**TASK TO CARRY OUT**:
The listing below is to be duplicated exactly, with every picture omitted.
==================================================
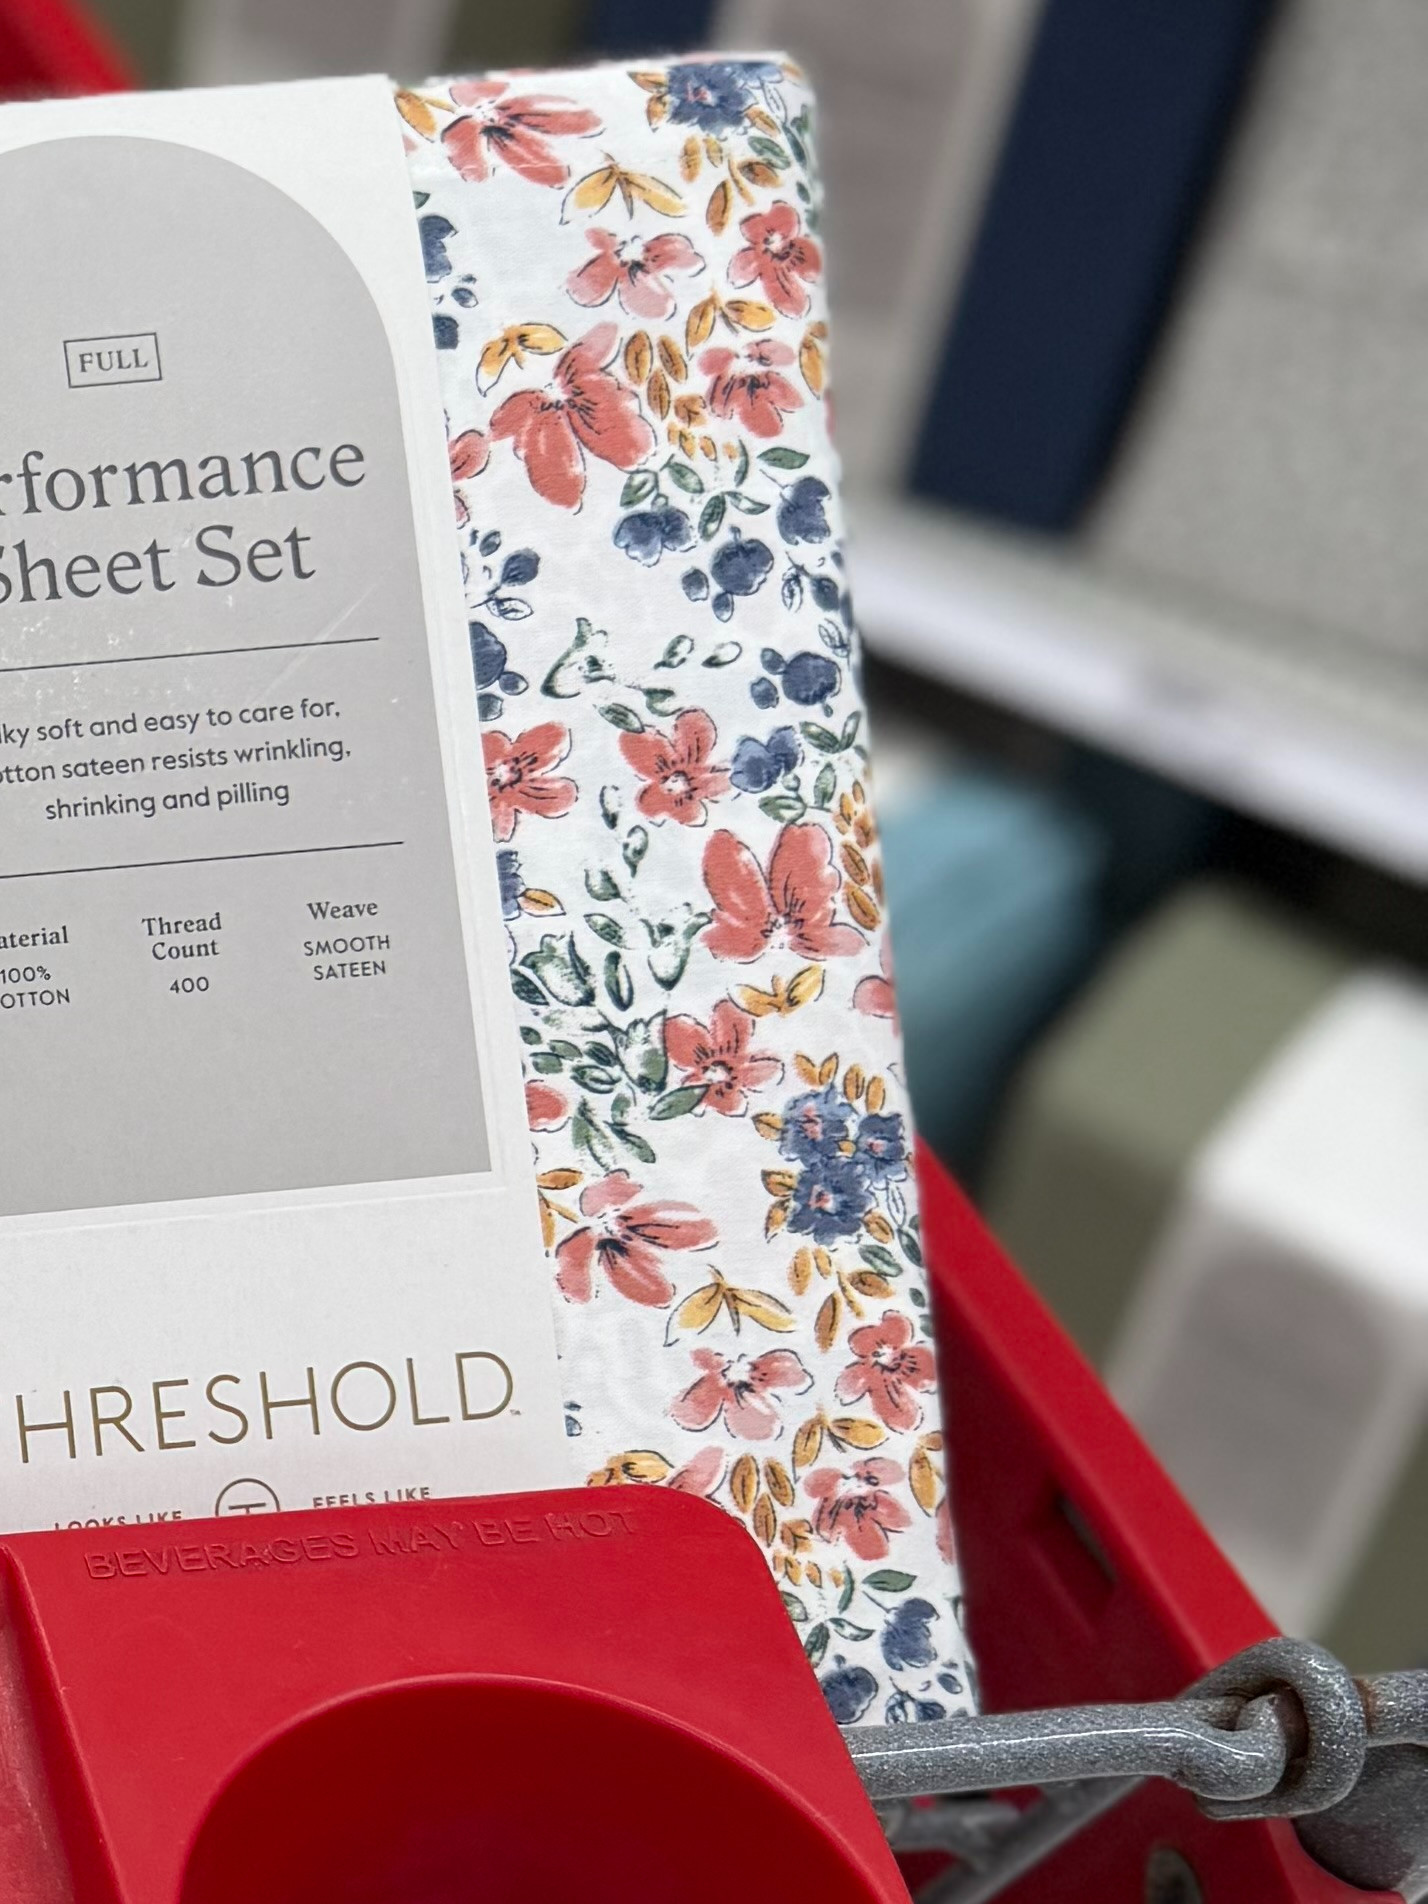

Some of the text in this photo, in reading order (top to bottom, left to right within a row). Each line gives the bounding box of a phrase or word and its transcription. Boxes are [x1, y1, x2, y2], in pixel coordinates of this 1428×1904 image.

[78, 348, 149, 373] FULL
[195, 524, 316, 587] Set
[36, 718, 85, 741] soft
[89, 712, 138, 737] and
[143, 712, 200, 735] easy
[205, 708, 233, 727] to
[238, 705, 294, 724] care
[300, 697, 341, 719] for,
[62, 757, 145, 779] sateen
[151, 747, 228, 771] resists
[233, 737, 351, 763] wrinkling,
[45, 781, 290, 820] shrinking and pilling
[306, 901, 378, 920] Weave
[141, 911, 222, 937] Thread
[151, 939, 220, 961] Count
[303, 934, 391, 957] SMOOTH
[0, 965, 52, 985] 100%
[313, 960, 386, 981] SATEEN
[169, 976, 210, 994] 400
[84, 1510, 632, 1579] BEVERAGES MAY BE HOT
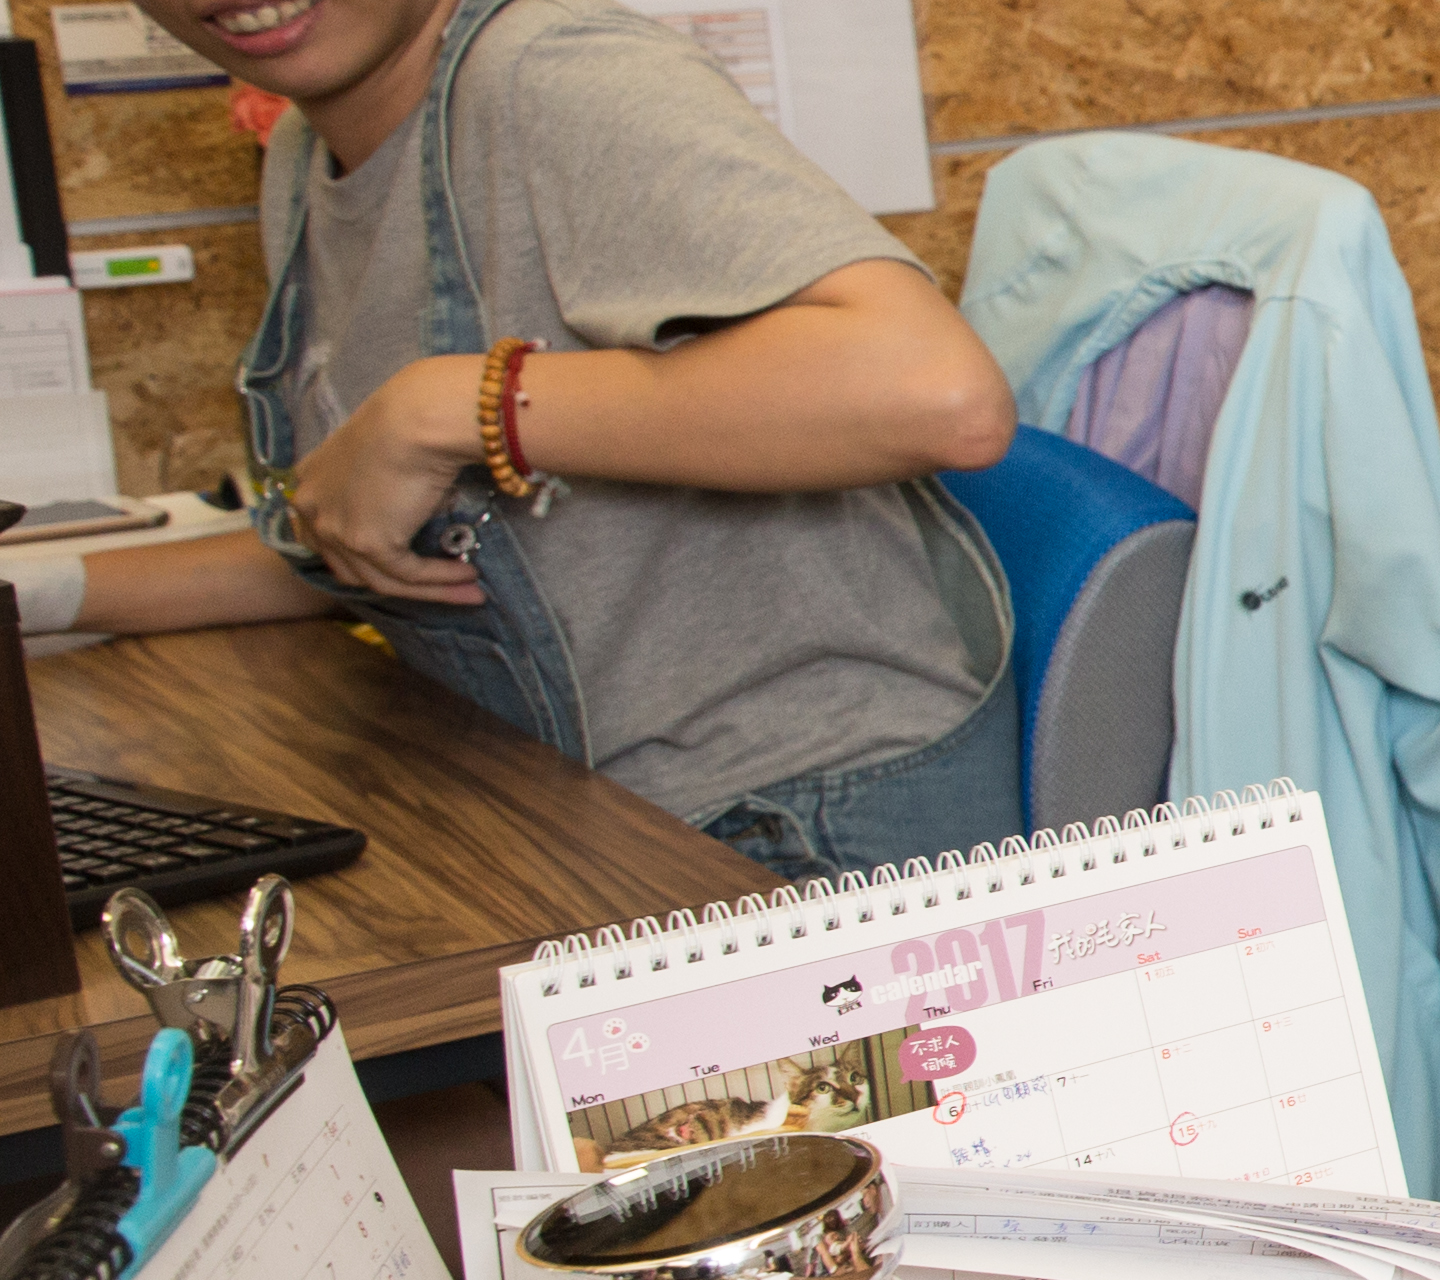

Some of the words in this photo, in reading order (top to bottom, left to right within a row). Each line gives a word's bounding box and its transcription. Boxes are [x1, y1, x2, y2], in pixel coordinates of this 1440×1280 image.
==================================================
**ANSWER FOR THE TASK**:
Some of the text in this photo, in reading order (top to bottom, left to right within a row). Each line gives the bounding box of a phrase or word and its transcription. Boxes are [x1, y1, x2, y2], in pixel coordinates of this 1428×1904 image.

[78, 348, 149, 373] FULL
[195, 524, 316, 587] Set
[36, 718, 85, 741] soft
[89, 712, 138, 737] and
[143, 712, 200, 735] easy
[205, 708, 233, 727] to
[238, 705, 294, 724] care
[300, 697, 341, 719] for,
[62, 757, 145, 779] sateen
[151, 747, 228, 771] resists
[233, 737, 351, 763] wrinkling,
[45, 781, 290, 820] shrinking and pilling
[306, 901, 378, 920] Weave
[141, 911, 222, 937] Thread
[151, 939, 220, 961] Count
[303, 934, 391, 957] SMOOTH
[0, 965, 52, 985] 100%
[313, 960, 386, 981] SATEEN
[169, 976, 210, 994] 400
[84, 1510, 632, 1579] BEVERAGES MAY BE HOT

Some of the words in this photo, in reading order (top to bottom, left to right within a row). Each line gives a word's bounding box and its transcription. Boxes are [x1, y1, x2, y2], in pixel coordinates of this 1440×1280 image.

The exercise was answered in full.